- Opening Delimiter -

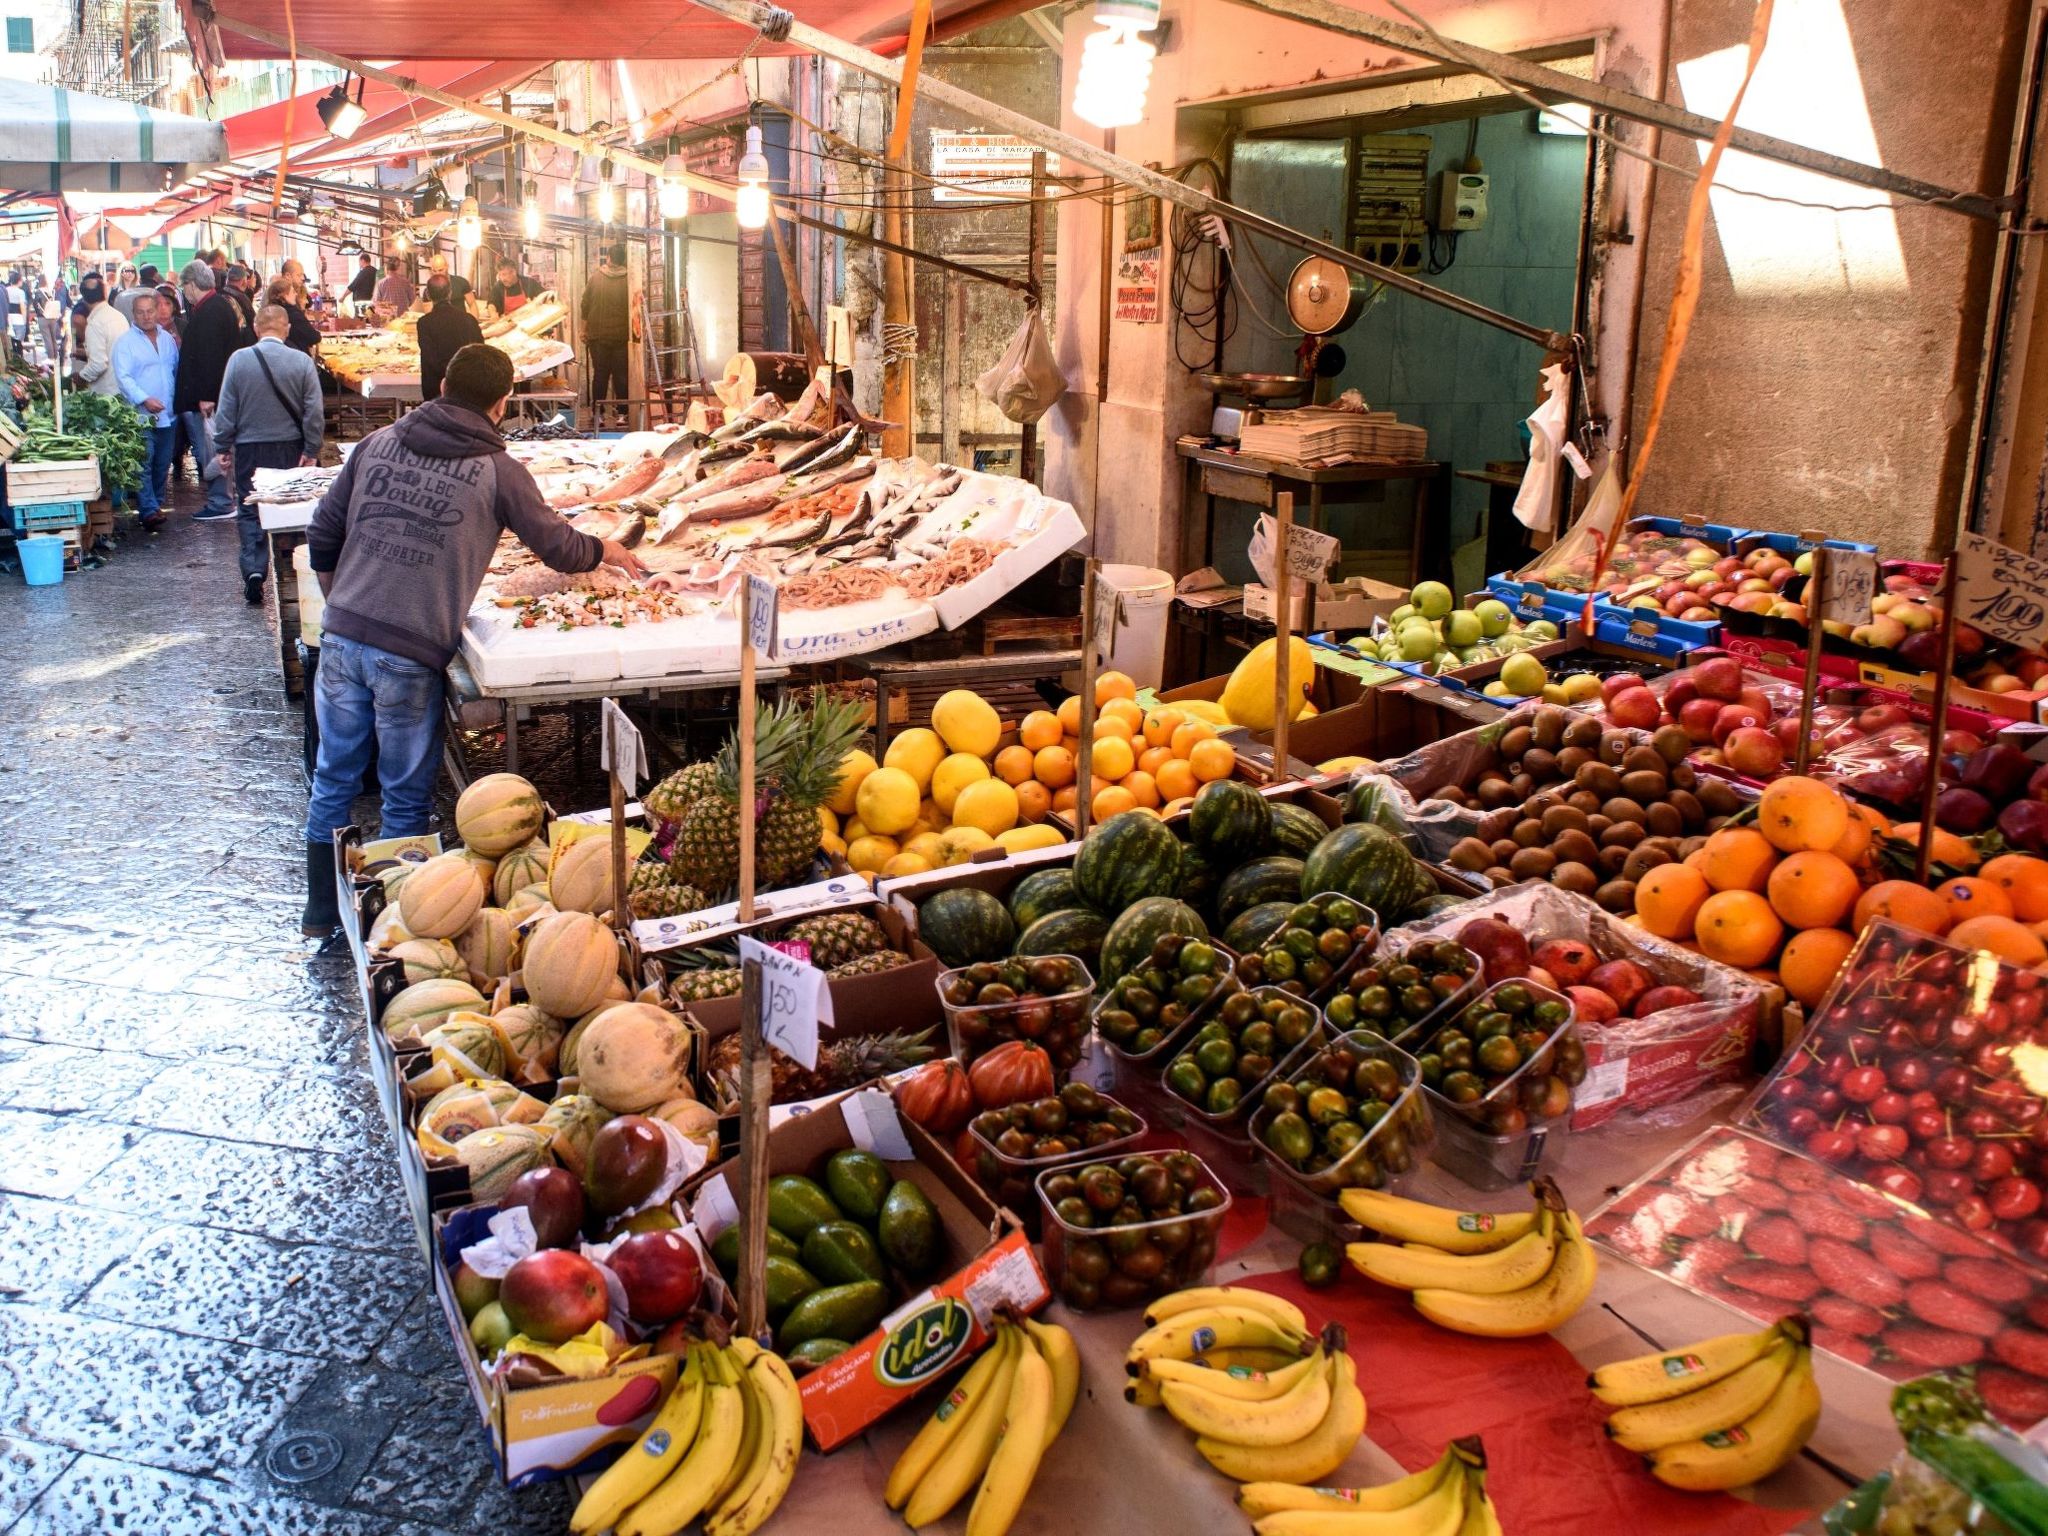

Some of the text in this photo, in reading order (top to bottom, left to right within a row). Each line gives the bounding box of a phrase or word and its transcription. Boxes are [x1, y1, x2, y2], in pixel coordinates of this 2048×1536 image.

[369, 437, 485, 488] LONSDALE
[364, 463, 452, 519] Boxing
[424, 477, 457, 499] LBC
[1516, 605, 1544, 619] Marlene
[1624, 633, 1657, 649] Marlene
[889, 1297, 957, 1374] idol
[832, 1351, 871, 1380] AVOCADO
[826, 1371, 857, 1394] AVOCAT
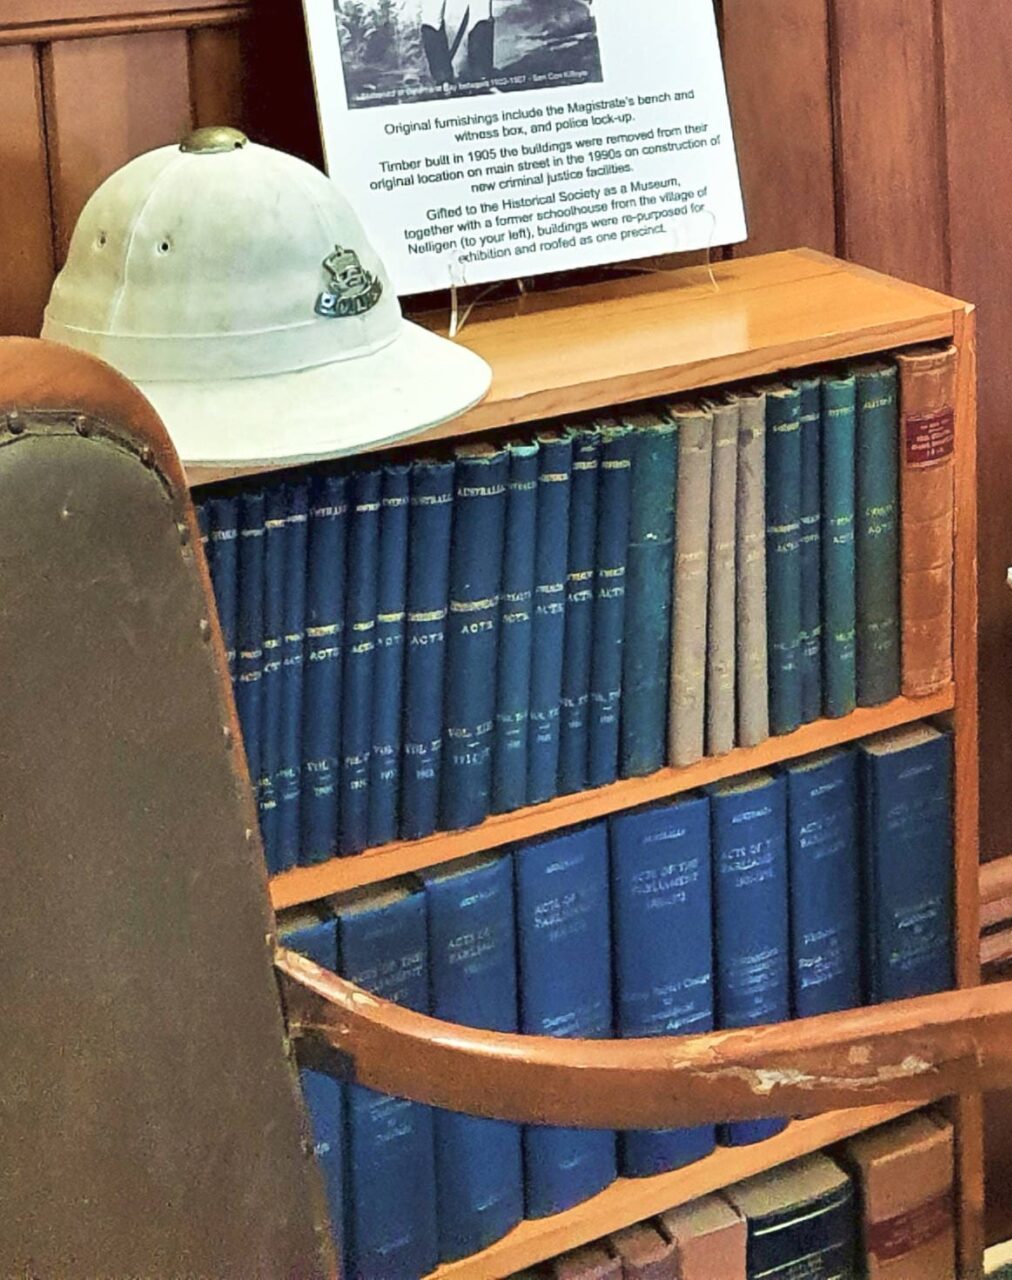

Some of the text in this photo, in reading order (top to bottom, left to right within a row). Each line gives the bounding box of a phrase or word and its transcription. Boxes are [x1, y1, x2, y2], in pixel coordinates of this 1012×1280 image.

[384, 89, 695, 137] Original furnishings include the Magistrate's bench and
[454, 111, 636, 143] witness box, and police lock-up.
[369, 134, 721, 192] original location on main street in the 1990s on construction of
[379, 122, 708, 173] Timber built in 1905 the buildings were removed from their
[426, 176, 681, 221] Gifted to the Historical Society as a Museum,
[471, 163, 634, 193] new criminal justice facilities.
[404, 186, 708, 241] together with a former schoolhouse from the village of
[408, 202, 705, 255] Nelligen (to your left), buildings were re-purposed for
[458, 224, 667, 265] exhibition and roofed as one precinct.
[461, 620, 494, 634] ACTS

- Closing Delimiter -

> [Problem]: All of the entries must be reproduced exactly, apart from the pictures, which are to be dropped.

> [Task result]:
Some of the text in this photo, in reading order (top to bottom, left to right within a row). Each line gives the bounding box of a phrase or word and its transcription. Boxes are [x1, y1, x2, y2], in pixel coordinates of this 2048×1536 image.

[369, 437, 485, 488] LONSDALE
[364, 463, 452, 519] Boxing
[424, 477, 457, 499] LBC
[1516, 605, 1544, 619] Marlene
[1624, 633, 1657, 649] Marlene
[889, 1297, 957, 1374] idol
[832, 1351, 871, 1380] AVOCADO
[826, 1371, 857, 1394] AVOCAT

Some of the text in this photo, in reading order (top to bottom, left to right within a row). Each line gives the bounding box of a phrase or word and its transcription. Boxes are [x1, y1, x2, y2], in pixel coordinates of this 1012×1280 image.

[384, 89, 695, 137] Original furnishings include the Magistrate's bench and
[454, 111, 636, 143] witness box, and police lock-up.
[369, 134, 721, 192] original location on main street in the 1990s on construction of
[379, 122, 708, 173] Timber built in 1905 the buildings were removed from their
[426, 176, 681, 221] Gifted to the Historical Society as a Museum,
[471, 163, 634, 193] new criminal justice facilities.
[404, 186, 708, 241] together with a former schoolhouse from the village of
[408, 202, 705, 255] Nelligen (to your left), buildings were re-purposed for
[458, 224, 667, 265] exhibition and roofed as one precinct.
[461, 620, 494, 634] ACTS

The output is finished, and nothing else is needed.